[Stored data entries]
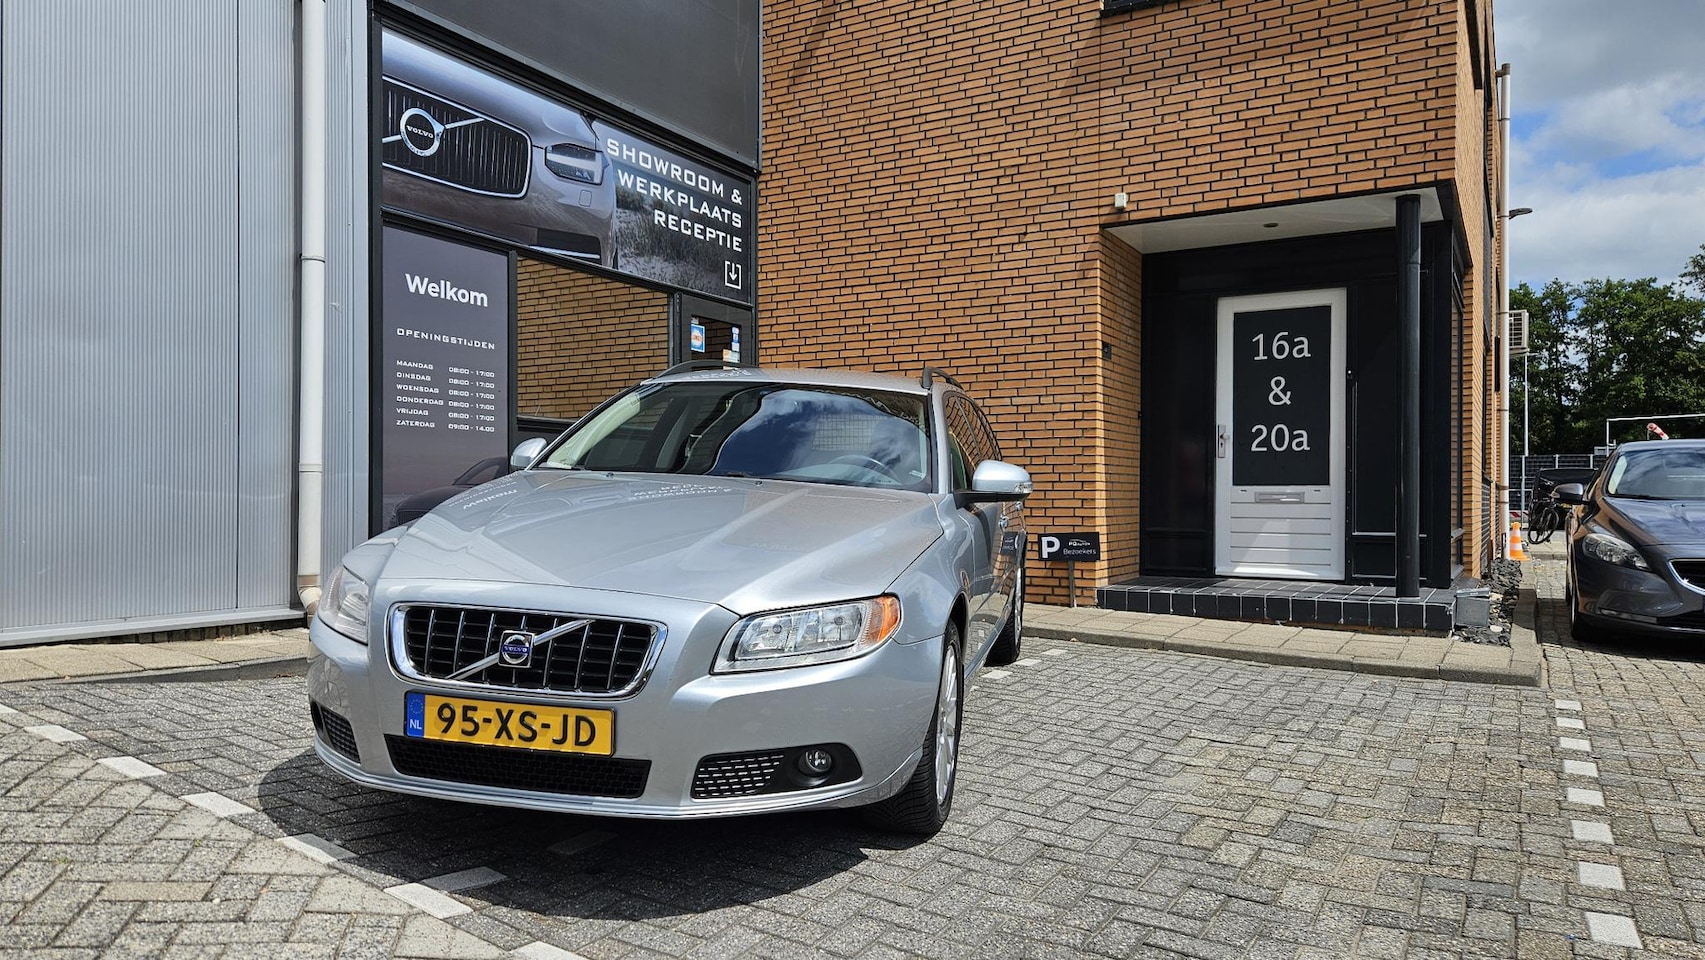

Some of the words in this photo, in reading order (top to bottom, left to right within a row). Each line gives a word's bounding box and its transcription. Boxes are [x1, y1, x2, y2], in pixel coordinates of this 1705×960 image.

[406, 125, 434, 139] VOLVO
[607, 138, 724, 198] SHOWROOM
[731, 188, 742, 205] &
[617, 169, 742, 228] WERKPLAATS
[654, 209, 742, 252] RECEPTIE
[405, 273, 488, 307] Welkom
[396, 328, 495, 350] OPENINGSTIJDEN
[1252, 331, 1312, 360] 16a
[396, 360, 434, 370] MAANDAG
[396, 372, 431, 381] DINSDAG
[396, 384, 439, 393] WOENSDAG
[1268, 376, 1292, 406] &
[396, 396, 444, 406] DONDERDAG
[396, 408, 429, 416] VRIJDAG
[1251, 423, 1311, 452] 20a
[1041, 536, 1060, 558] P
[409, 718, 423, 730] NL
[437, 702, 596, 747] 95-XS-JD
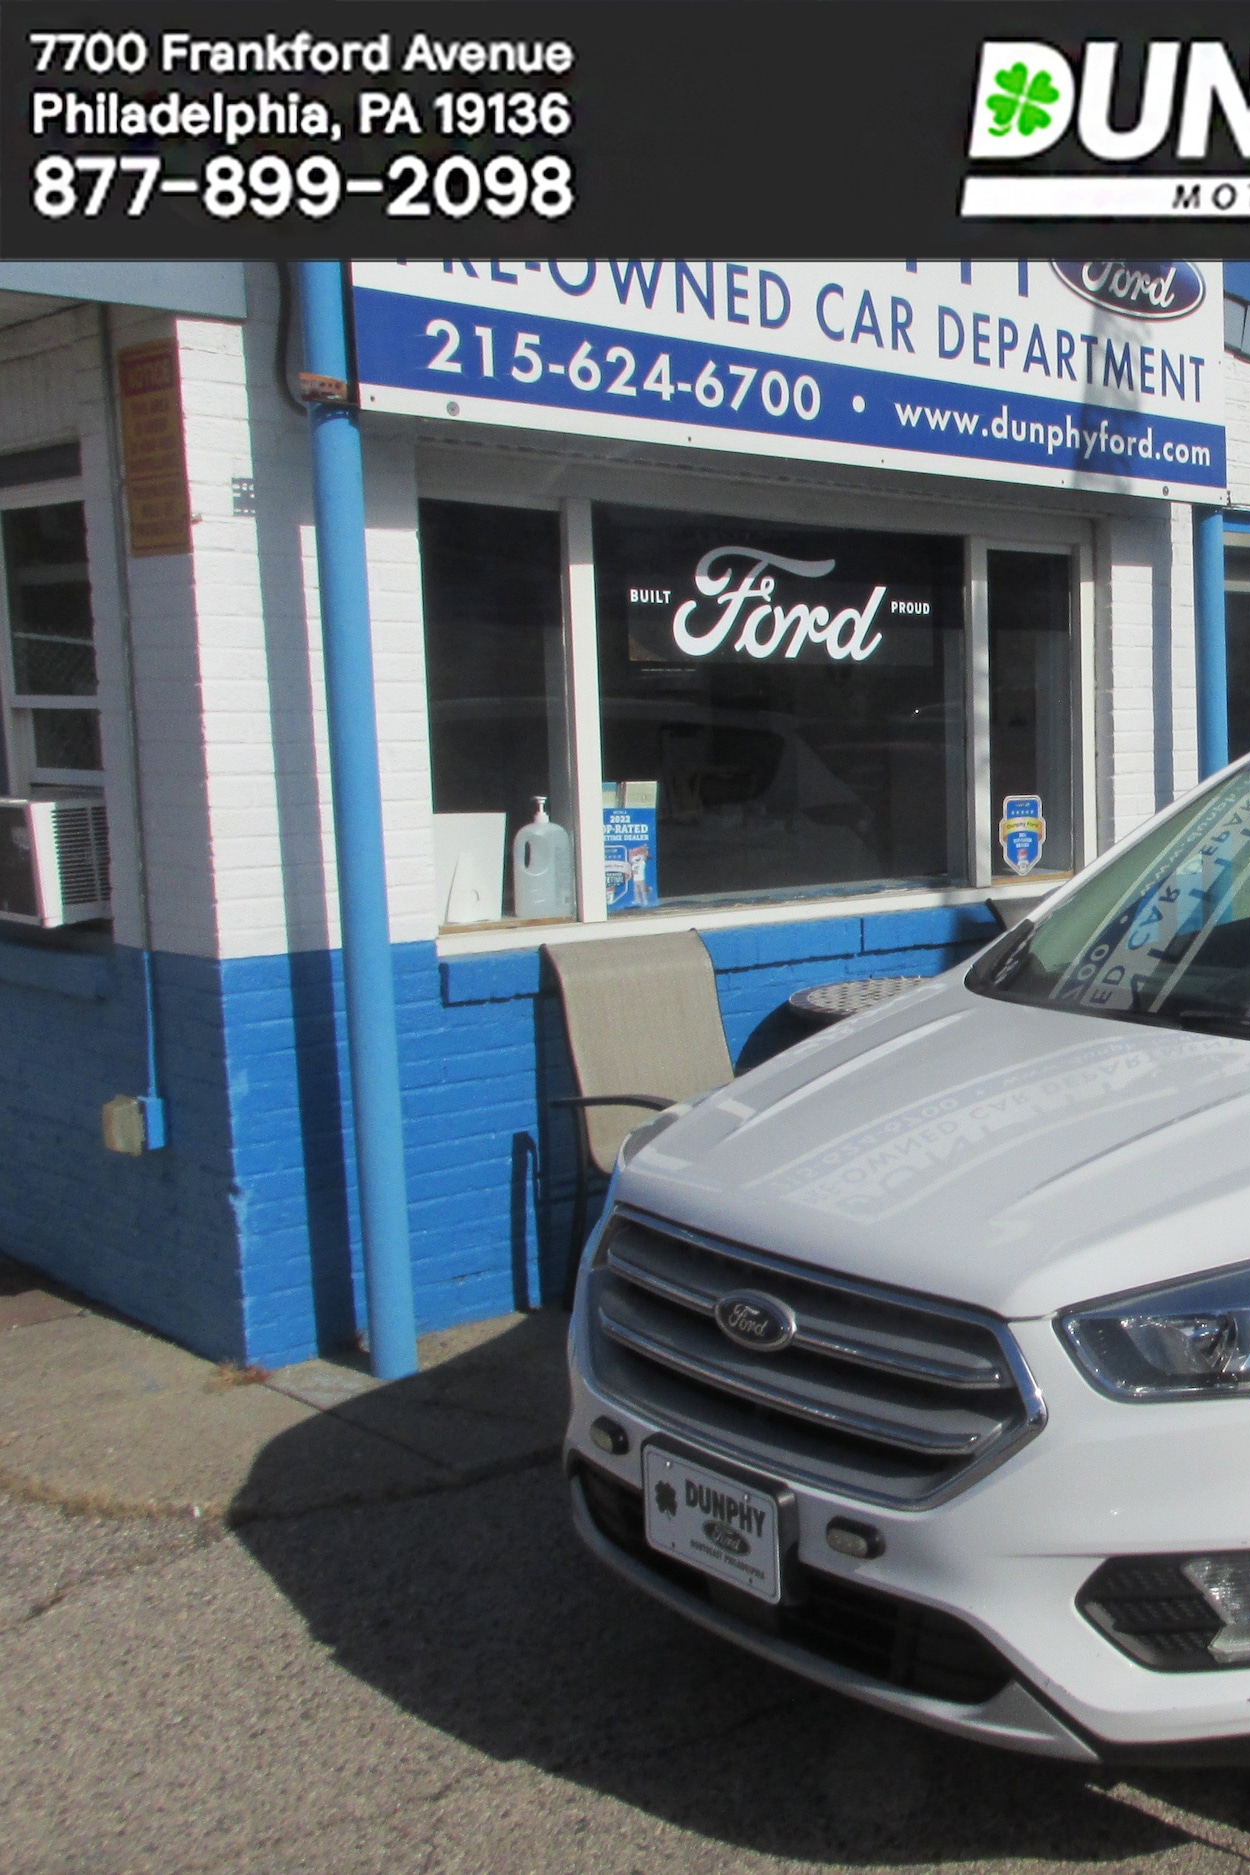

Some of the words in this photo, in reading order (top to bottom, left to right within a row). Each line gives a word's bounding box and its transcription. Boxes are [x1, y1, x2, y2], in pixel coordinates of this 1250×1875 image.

[425, 318, 821, 421] 215-624-6700
[894, 401, 1211, 467] www.dunphyford.com
[815, 282, 916, 355] CAR
[937, 305, 1206, 403] DEPARTMENT
[629, 588, 671, 604] BUILT
[673, 545, 887, 661] Ford
[891, 600, 930, 615] PROUD
[728, 1303, 769, 1337] Ford
[684, 1478, 766, 1538] DUNPHY

- **What you should do**: Nothing but the exact lines of the data above, from the line containing "this 1250×1875 image." through the last, should appear in the answer.

- **Answer box**:
Some of the words in this photo, in reading order (top to bottom, left to right within a row). Each line gives a word's bounding box and its transcription. Boxes are [x1, y1, x2, y2], in pixel coordinates of this 1250×1875 image.

[425, 318, 821, 421] 215-624-6700
[894, 401, 1211, 467] www.dunphyford.com
[815, 282, 916, 355] CAR
[937, 305, 1206, 403] DEPARTMENT
[629, 588, 671, 604] BUILT
[673, 545, 887, 661] Ford
[891, 600, 930, 615] PROUD
[728, 1303, 769, 1337] Ford
[684, 1478, 766, 1538] DUNPHY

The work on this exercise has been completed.